The look of disbelief on Paul's face belied the terror on the faces of Shelley and Collin. Paul nodded in agreement with Cal. His heart thudding in his chest and the warm morning sun was beginning feel good against his otherwise exhausted body. He looked at Cal before he leaned up to see over the edge of the wall.

One of the green six legged aliens jumped up on the roof of a car searching as its companion bipedal machine walked the North side of the building tossing cars out of its way scanning the facades of buildings looking for any sign of movement. Paul's gaze stayed locked on the skittering thing searching the empty street. He supposed it was looking for stragglers, but the bulbous body and elongated six legs allowed for a speed of movement not expected to be had by a creature of that size. The small arms protruding from its upper body belied a unique human quality offset by the insect-like shape of its head.

The Skitter stared back at the diner containing at least fifty refugees from the attacks the night before. It appeared to be scanning the building, but Paul was skeptical that it could see or hear anything inside. The alien creature didn't move, but simply stood quietly upon its perch gazing at the building. Then the sound of something even more sinister began to reach their ears from somewhere in the distance.

The roar was a soft buzzing at first, but then rapidly became a rushing sound like standing next to a roaring river. The air ships darted over head searching and shooting in various vectors across the horizon.

"Holy Sh-!" Joes outburst alerted an alien who reacted to the sudden sound and movement as Joe and Buck bolted from behind the wall of the roof heading for the hatch leading down into the diner. Cal grabbed for Sam putting a finger to his lips and motioning for her to remain silent. Paul took the queue and held tight Shelley and Collin, covering their mouths with his hands and whispering in their ears to keep quiet.

The alien rapidly scaled the side of the building and Cal watched it launch itself at Joe and Bucks. When they reached the hatch, Joe turned back to see the two families still hunched up against the wall of the roof of the diner. Joe knew at that moment his mistake had cost him his life just as Buck came crashing into him launching him from his feet down the seven foot tall ladder and onto the tile floor of the diners kitchen. The alien rushed in after them.

Cal, Sam, Paul, Shelley, and Collin listened to the screams of the people inside the diner as they tried to flee the alien. They heard glass, wood and metal breaking as objects and people were thrown through tables barricading the windows and out into the parking lot. Cal clenched his teeth listening to the soft moans of pain and screams of agony erupting from those still alive on the sidewalks. Then the all too sickening sound of the screams stopping abruptly as more aliens and bipedal machines swarmed the area to finish off the survivors. Cal and the others stayed quiet knowing there was no way out. If they were found, they would die. If they were quiet, they had a slim chance to hold onto whatever thread of life they had. The aliens didn't bother returning to the roof. They moved and skittered around the cars dispatching survivors and then, all at once, the movement ceased.
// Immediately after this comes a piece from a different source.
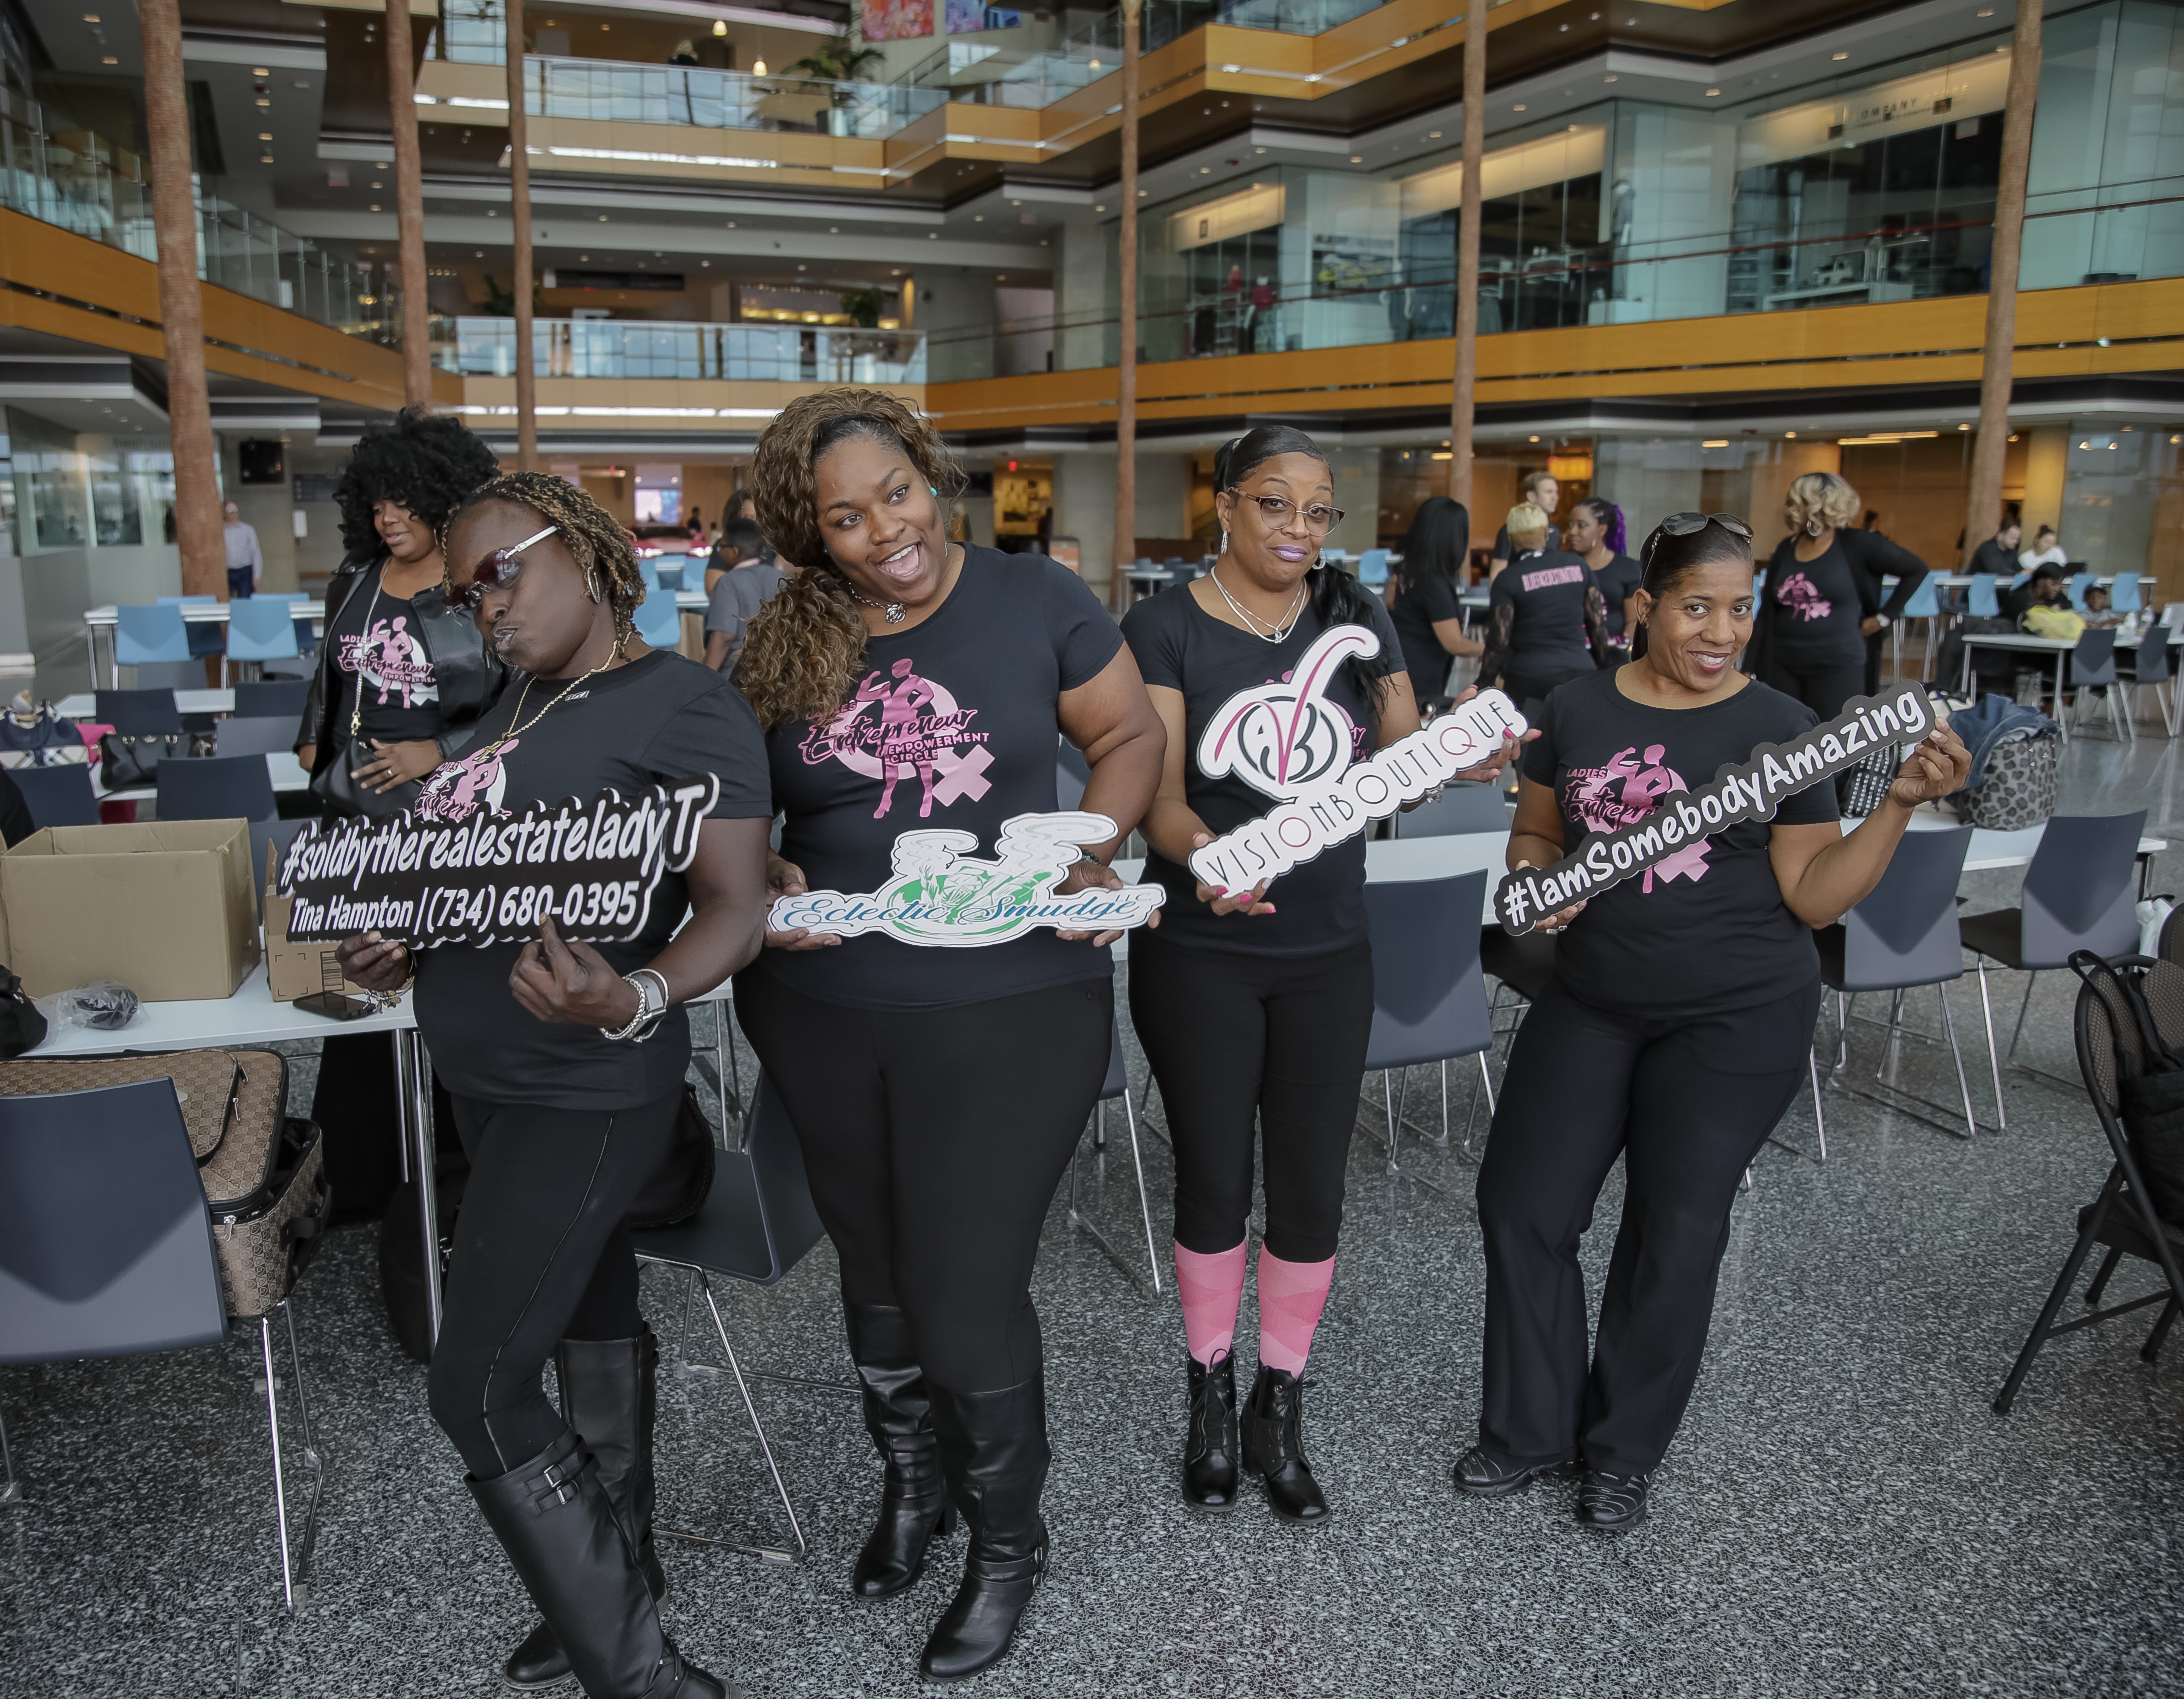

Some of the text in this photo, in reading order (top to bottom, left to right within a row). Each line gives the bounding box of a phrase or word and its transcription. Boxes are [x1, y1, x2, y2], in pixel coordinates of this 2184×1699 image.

Cal put a finger to his lips and almost dared himself to look over the wall, but instead erred on the side of caution and stayed put. His split decision saved him from the twelve skittering aliens and their metal bipedal companions suddenly moving toward the diner then past it as they trampled over cars and bodies heading east toward the city skyline.

The world around them became eerily quiet once again. No sounds uttered in the silence. Not birds, not people, not cars, not even the sound of machinery operating in the distance or electricity wires humming overhead. Cal made a motion for them to be quiet as he pulled himself part way up the wall and crawled over to the hatch opening leading down into the diner.

The scene inside was unlike anything he'd ever seen before. He motioned for the rest to stay hidden and climbed down the ladder. When he reached the bottom he made his way back through the kitchen. It was in complete disarray with pots, pans, dishes and glassware broken, smashed or strewn about halfway down the hallway to the dining room.

He reached over and pulled a long slicing blade out of a rack and moved silently stopping momentarily to take in the scene when he stumbled upon Buck lying motionless in the doorway, unmistakably dead. He listened before continuing down the hall for any sound, but only silence called back to him.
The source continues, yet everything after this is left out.